• _What you should do_:
Give back the entries exactly as they read, leaving each image out.
[[ Recorded data open ]]
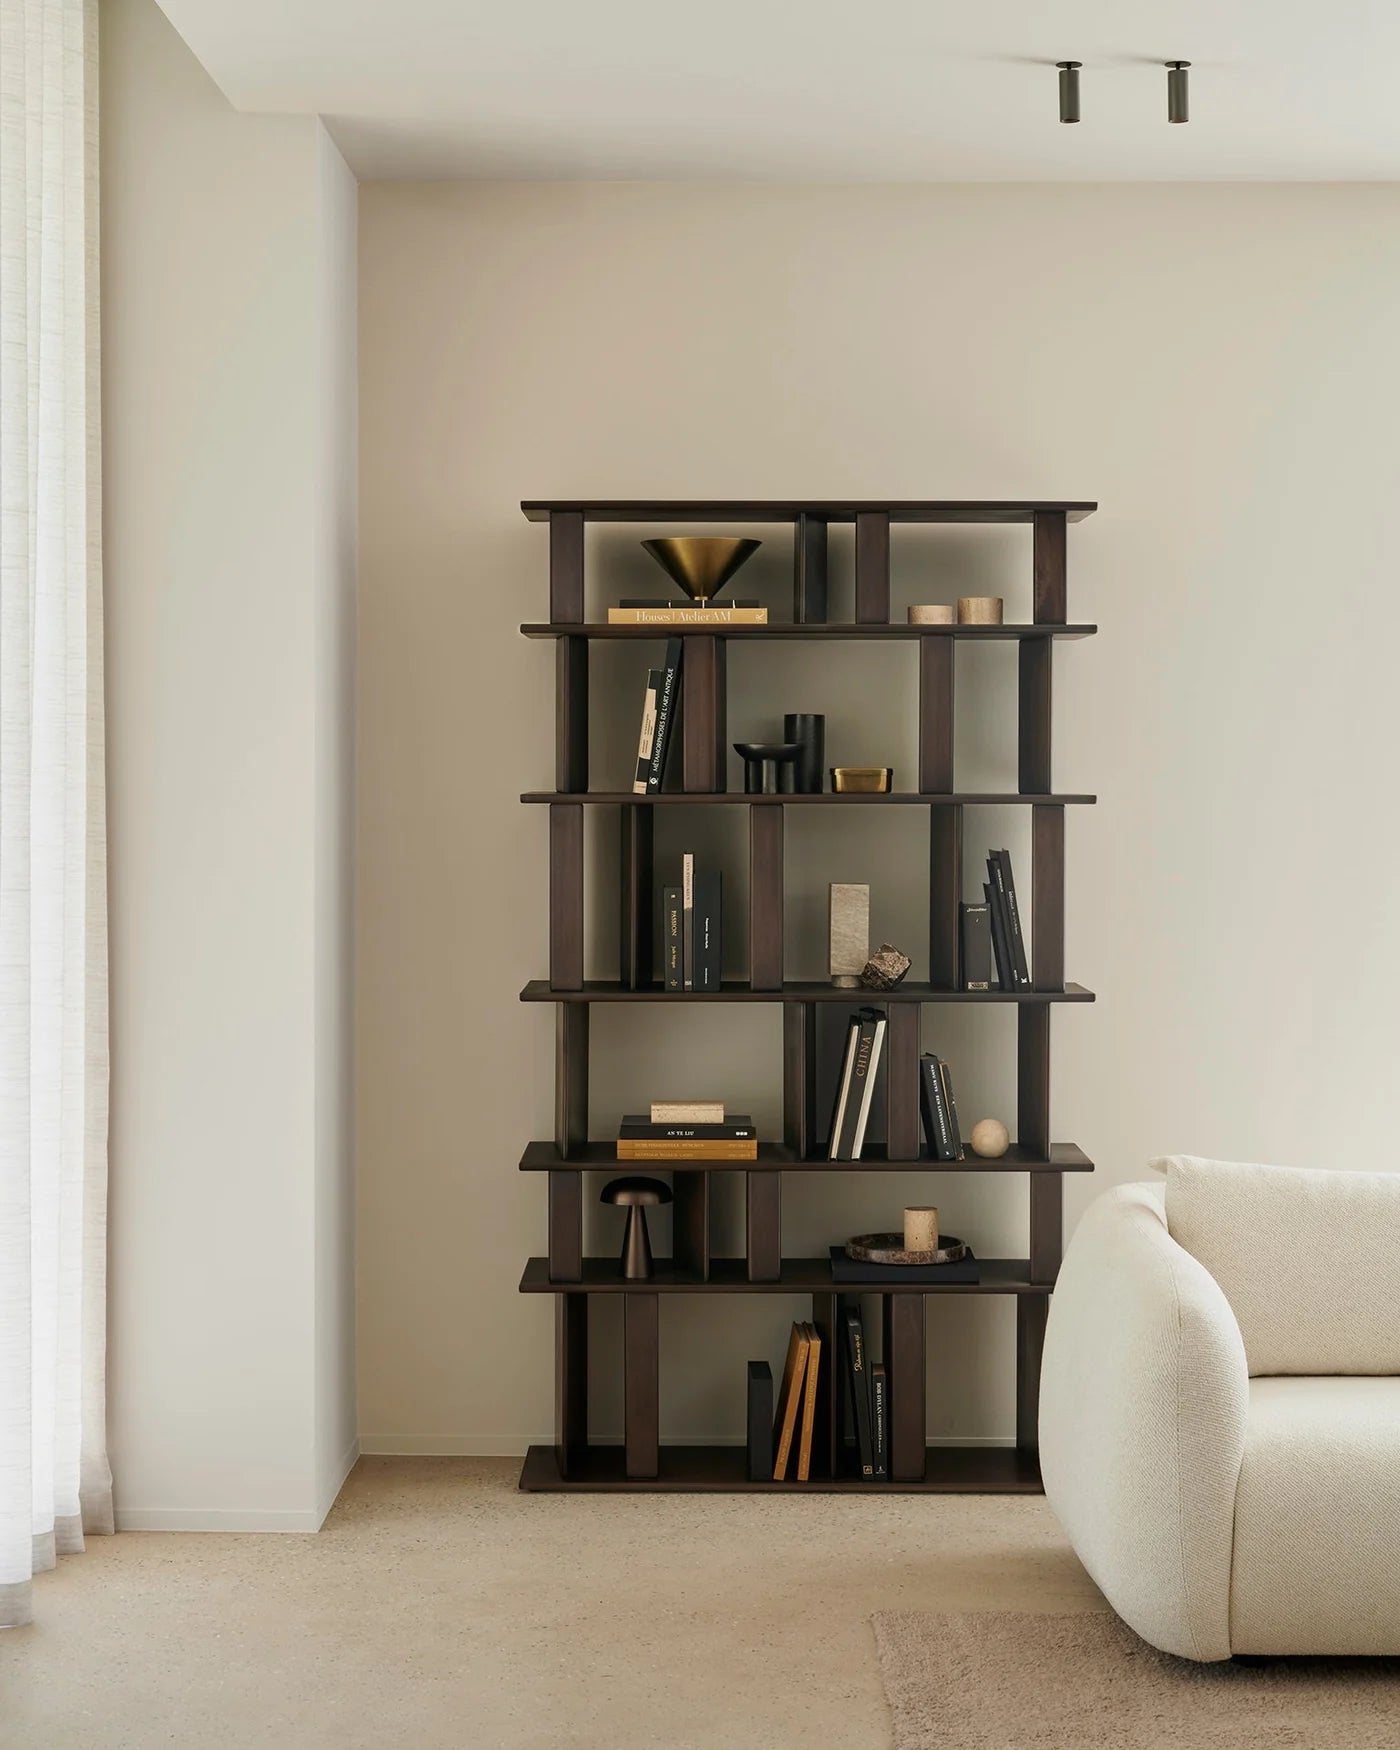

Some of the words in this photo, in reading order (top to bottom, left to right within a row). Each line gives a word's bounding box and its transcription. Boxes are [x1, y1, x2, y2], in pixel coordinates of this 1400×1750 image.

[636, 610, 671, 622] Houses
[679, 610, 710, 622] Atelier
[711, 610, 731, 622] AM
[660, 711, 667, 720] DE
[664, 668, 674, 694] ANTIQUE
[856, 1036, 871, 1077] CHINA
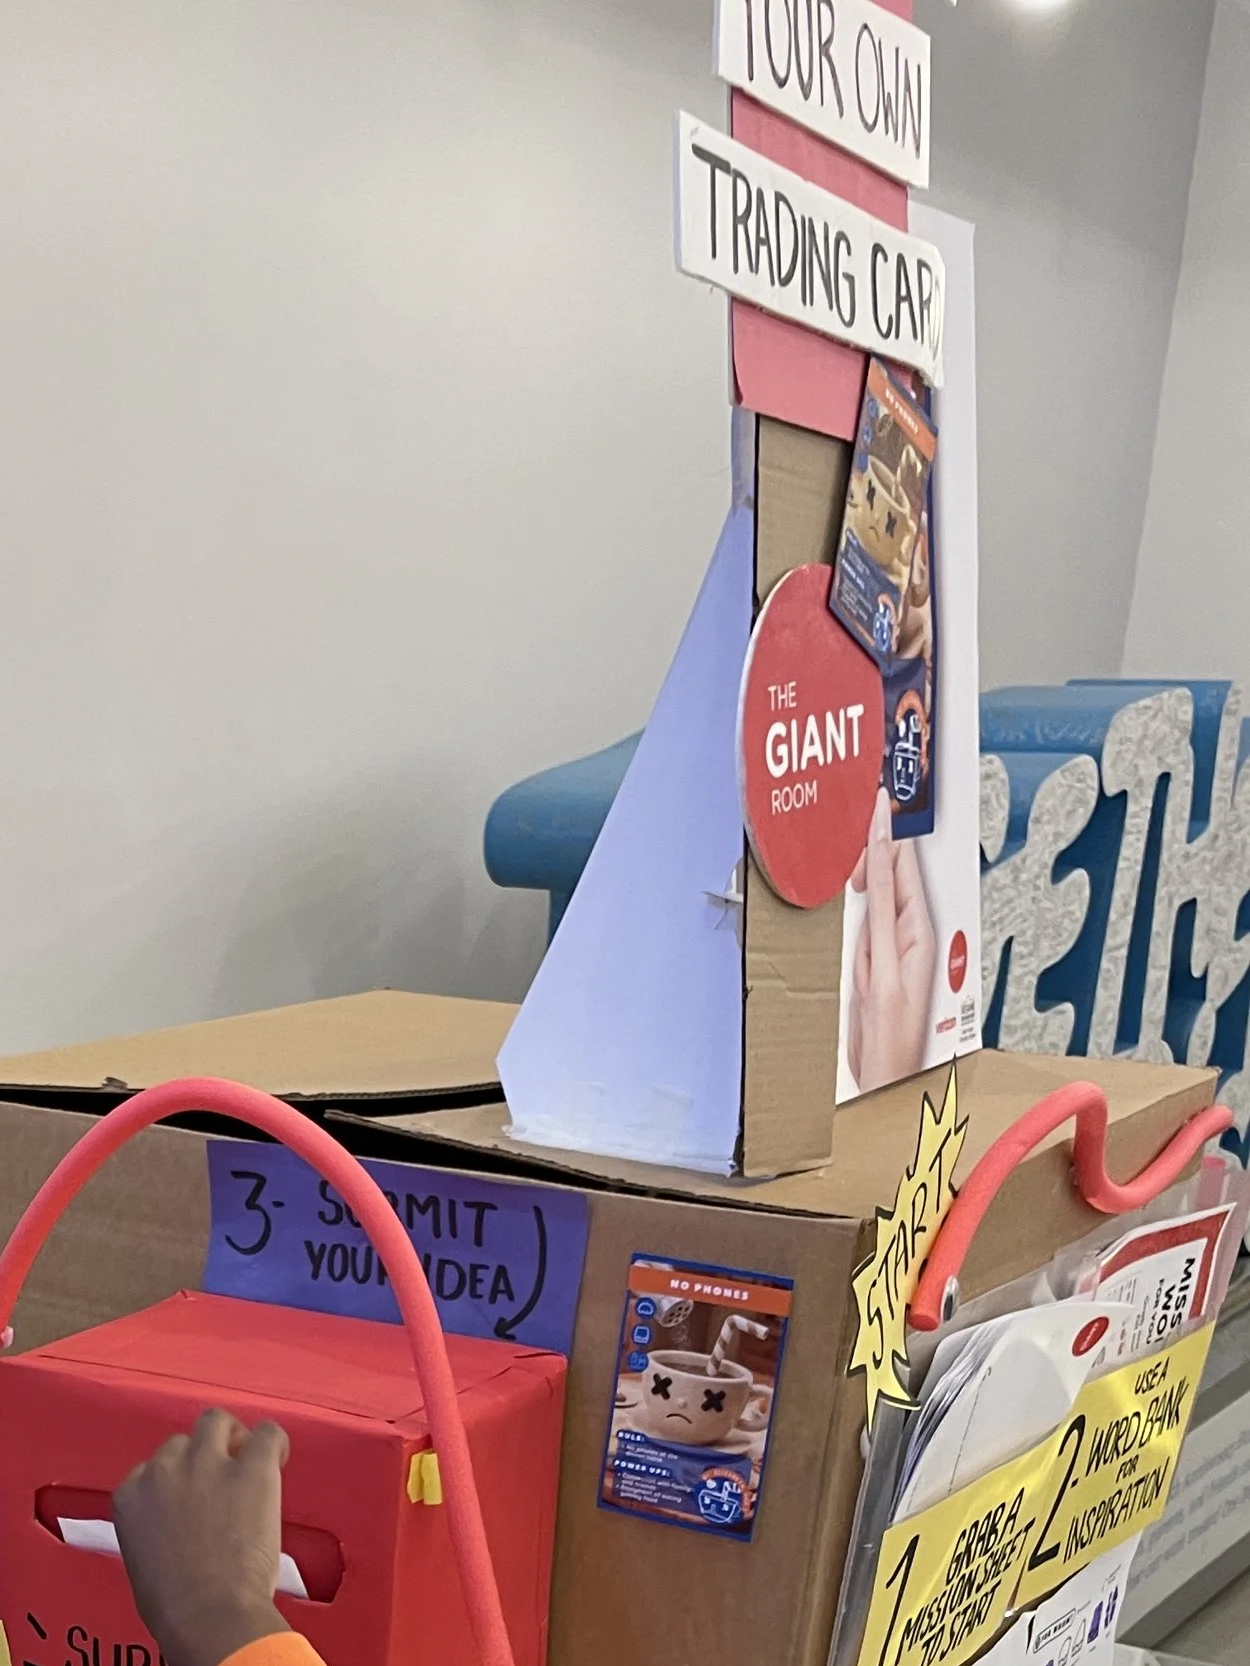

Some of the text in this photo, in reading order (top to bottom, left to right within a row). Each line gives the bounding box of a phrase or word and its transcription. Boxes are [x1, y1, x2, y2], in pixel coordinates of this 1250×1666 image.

[855, 22, 922, 160] OWN
[691, 143, 856, 328] TRADING
[767, 681, 797, 711] THE
[765, 704, 865, 778] GIANT
[771, 779, 818, 815] ROOM
[318, 1179, 498, 1248] SMIT
[867, 1127, 952, 1370] START
[670, 1279, 749, 1301] NO PHONES
[1170, 1257, 1196, 1330] MISS
[1134, 1356, 1170, 1395] USE A
[1085, 1411, 1141, 1477] WORD
[1138, 1375, 1190, 1449] BANK
[1116, 1454, 1139, 1484] FOR
[946, 1487, 1025, 1587] GRAB A
[1063, 1456, 1171, 1564] INSPIRATION
[975, 1517, 1036, 1594] SHEET
[939, 1579, 1002, 1662] START
[[ Recorded data closed ]]
• _Answer to this exercise_:
Some of the words in this photo, in reading order (top to bottom, left to right within a row). Each line gives a word's bounding box and its transcription. Boxes are [x1, y1, x2, y2], in pixel coordinates of this 1400×1750 image.

[636, 610, 671, 622] Houses
[679, 610, 710, 622] Atelier
[711, 610, 731, 622] AM
[660, 711, 667, 720] DE
[664, 668, 674, 694] ANTIQUE
[856, 1036, 871, 1077] CHINA

Some of the text in this photo, in reading order (top to bottom, left to right within a row). Each line gives the bounding box of a phrase or word and its transcription. Boxes are [x1, y1, x2, y2], in pixel coordinates of this 1250×1666 image.

[855, 22, 922, 160] OWN
[691, 143, 856, 328] TRADING
[767, 681, 797, 711] THE
[765, 704, 865, 778] GIANT
[771, 779, 818, 815] ROOM
[318, 1179, 498, 1248] SMIT
[867, 1127, 952, 1370] START
[670, 1279, 749, 1301] NO PHONES
[1170, 1257, 1196, 1330] MISS
[1134, 1356, 1170, 1395] USE A
[1085, 1411, 1141, 1477] WORD
[1138, 1375, 1190, 1449] BANK
[1116, 1454, 1139, 1484] FOR
[946, 1487, 1025, 1587] GRAB A
[1063, 1456, 1171, 1564] INSPIRATION
[975, 1517, 1036, 1594] SHEET
[939, 1579, 1002, 1662] START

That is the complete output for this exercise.